Budget cuts: Panetta goes Pentagon

EDITORIAL | Globe Editorial

August 06, 2011
(Getty images )

Well, that didn’t take long. Back when Leon Panetta was President Clinton’s budget director, he demanded major changes in Pentagon expenditures, resulting in a 13 percent decline in military procurement spending. When President Obama named him defense secretary, his reputation as a deficit hawk was as much a qualification as his more recent experience as director of the CIA. But as the debt-ceiling bill was signed last week, Panetta - only a month into his job at the Pentagon - sounded resistant. He argued that if a special congressional committee couldn’t come up with a deficit plan, then the mandated $600 billion in defense cuts would be the “doomsday’’ scenario. Other adjectives included “debilitating,’’ “capricious,’’ and “devastating.’’

It’s telling that Panetta made his remarks before conducting any independent assessment of the bloated Pentagon budget - an assessment that could highlight wasteful weapons systems and organizational structures built around Cold War needs. He acknowledged relying instead on discussions with the military service chiefs, a group not known for its fiscal restraint.
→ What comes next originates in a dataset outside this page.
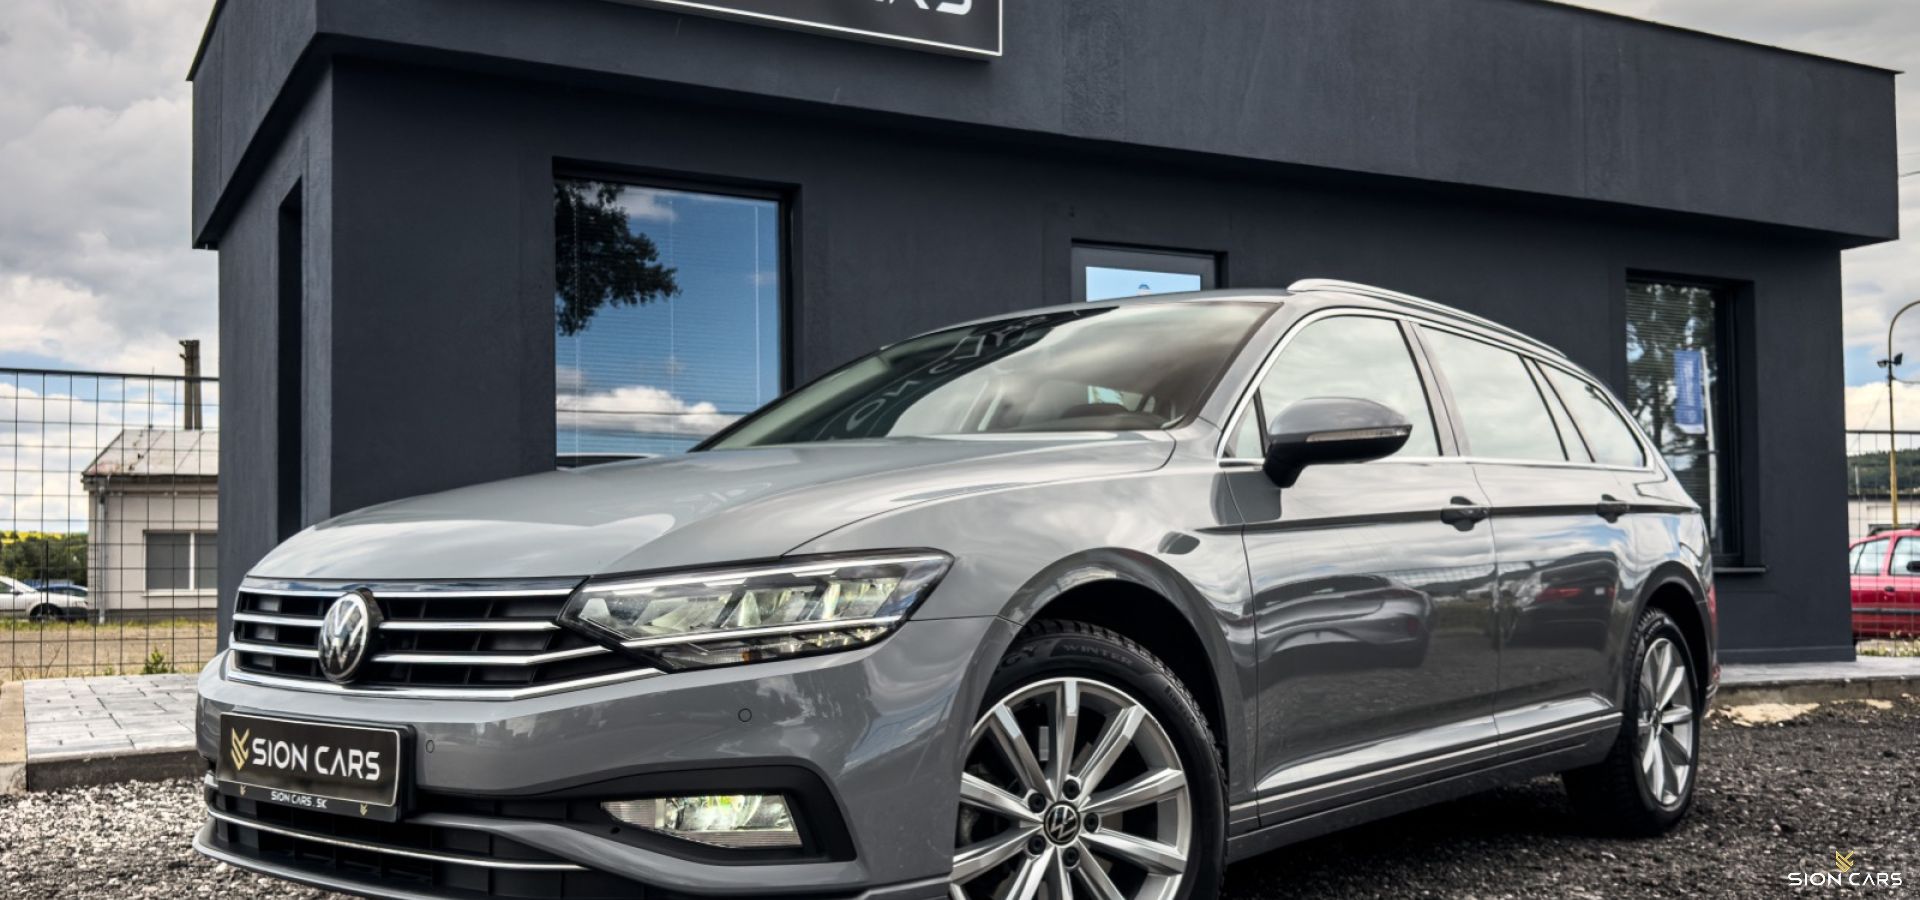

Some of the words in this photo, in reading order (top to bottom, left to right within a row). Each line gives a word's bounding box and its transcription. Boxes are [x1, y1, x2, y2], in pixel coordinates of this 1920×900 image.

[252, 738, 308, 772] SION
[314, 745, 381, 781] CARS
[271, 790, 290, 803] SION
Maybe Panetta’s comments are part of an elaborate strategy by the Obama administration to force congressional Republicans to support new revenues, by highlighting the potential damage from deficit reduction through cuts alone. But he also risks entrenching a Pentagon culture that has resisted many reasonable cuts as debilitating, capricious, and devastating. Panetta needs to look for responsible ways to cut, rather than encourage the military’s worst tendencies.